Grazie a: Layos, Laser, Gelty, mrwhite, mserri, GC, Filippo Boscarino,
Minuz, DOC, Alessio Quirino, Luigi de Troia, Giancarlo Riccardi,
Zonker, Razzo, il grande Lebowski, Zio Paperone, Sandro, Devil Master,
Marco "profeta" Brancalion, Alex Matteoli, Woody, Fulvio Rogantin,
Marco Mex, Lisa, M.Adorna, tuo cugggino, Flavio.
Ciao
Elrond
____________________________________________________
Time flies like an arrow. Fruit flies like a banana.
: "Fare sega" Roma, Italia Centrale (pare non suoni triviale)
Confermo: detto in _questo_ contesto, non suona affatto triviale, e
anzi e` l'unica maniera in cui il concetto di "marinare" la scuola venga
espresso (al meglio delle mie conoscenze le quali, mentre io mi avvicino
alla trantina, possono essere sempre meno aggiornate...).
Ciao,
Daniele
Elrond <fm...@boomboomtin.it> ha scritto nell'articolo
<35cc9f81...@news1.tin.it>...
> Da un thread di it.discussioni.leggende.metropolitane, una piccola
> collezione di modi locali per dire "non andare a scuola, presentando
> una giustificazione falsificata".
Direi che affine al "marinare" nazionale si puo' considerare anche il verbo
"marchigiano sporco" (ascoli e dintorni) "salare"...
Salutoni!
>Un caro saluto a tutti da questo mio primo intervento...

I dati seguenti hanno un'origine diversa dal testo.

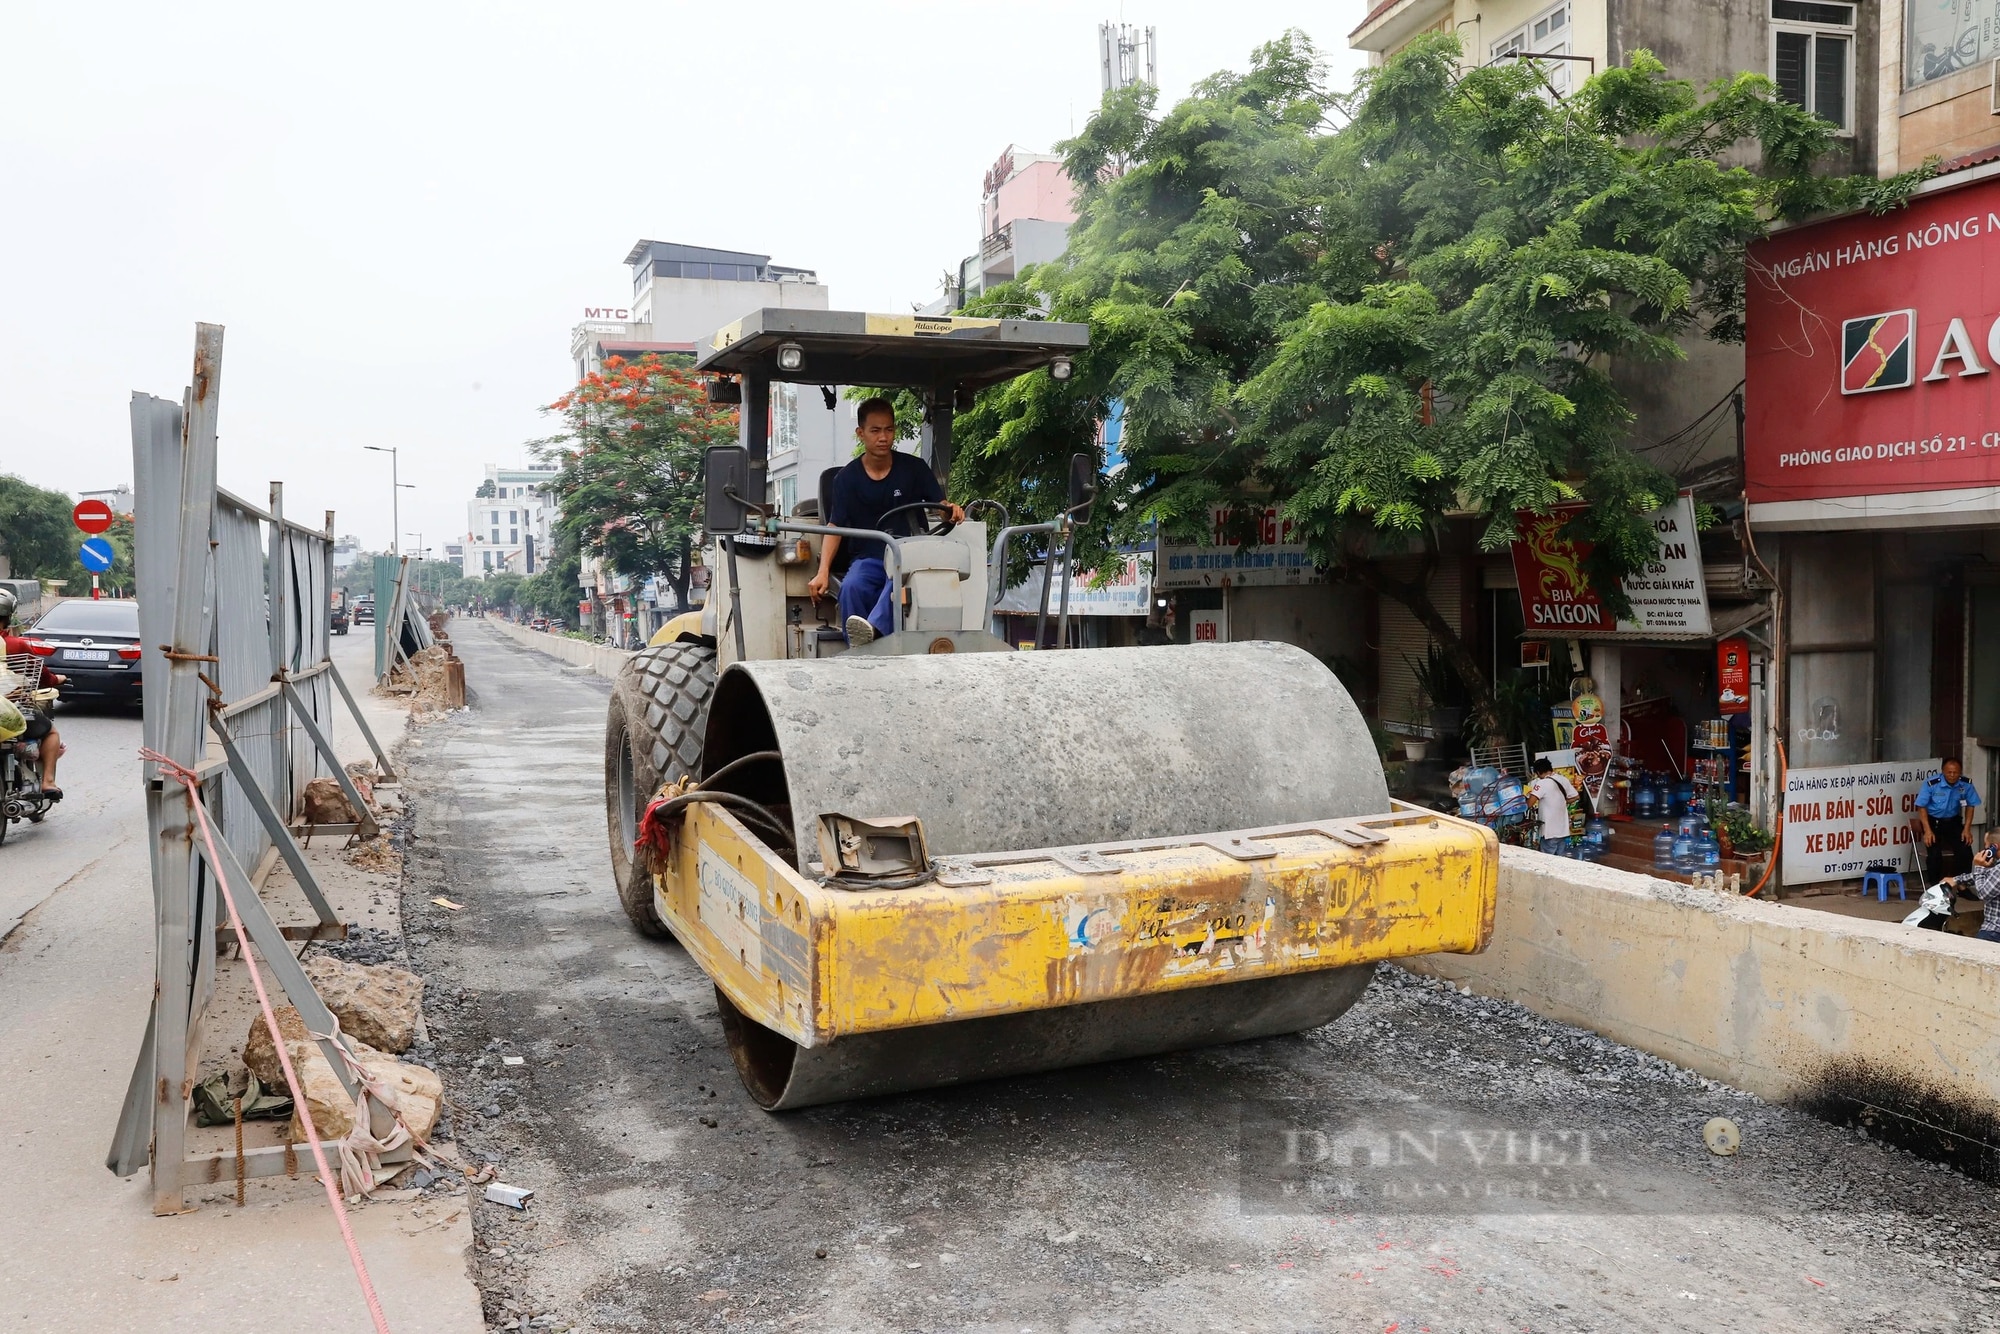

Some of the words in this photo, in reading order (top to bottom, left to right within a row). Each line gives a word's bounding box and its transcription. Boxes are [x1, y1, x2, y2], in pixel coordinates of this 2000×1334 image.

Ci toccherą cominciare a fare crossposting con it.fan.guccini ? :o)))
Benvenuto
> Riccardo Venturi <traduz...@iol.it>
> Er muoz gelīchesame die leiter abewerfen
> So er an īr ūfgestigen ist (Vogelweide)
Tremo al pensiero... ;-)
> Benvenuto
Grazie!
Salutoni!
Nello spagnolo noi utilizziamo:
"Hacer campana"
"Hacer novillos"
"Fumarse la clase"
Salbei
icq 13560348
http://www.protek.net/~montaraz
be', qui a Roma suona un po' aulico... che ne so, sul libro Cuore
magari si poteva dire marinare... infatti e' usato:
>"Fare sega" Roma, Italia Centrale (pare non suoni triviale)
>"Fare focaccia" Emilia
mi risulta si dica anche "salare", il che confermerebbe l'etimologia
gastro-alimentare. aspetta che chiedo anche su it.hobby.cucina... :-)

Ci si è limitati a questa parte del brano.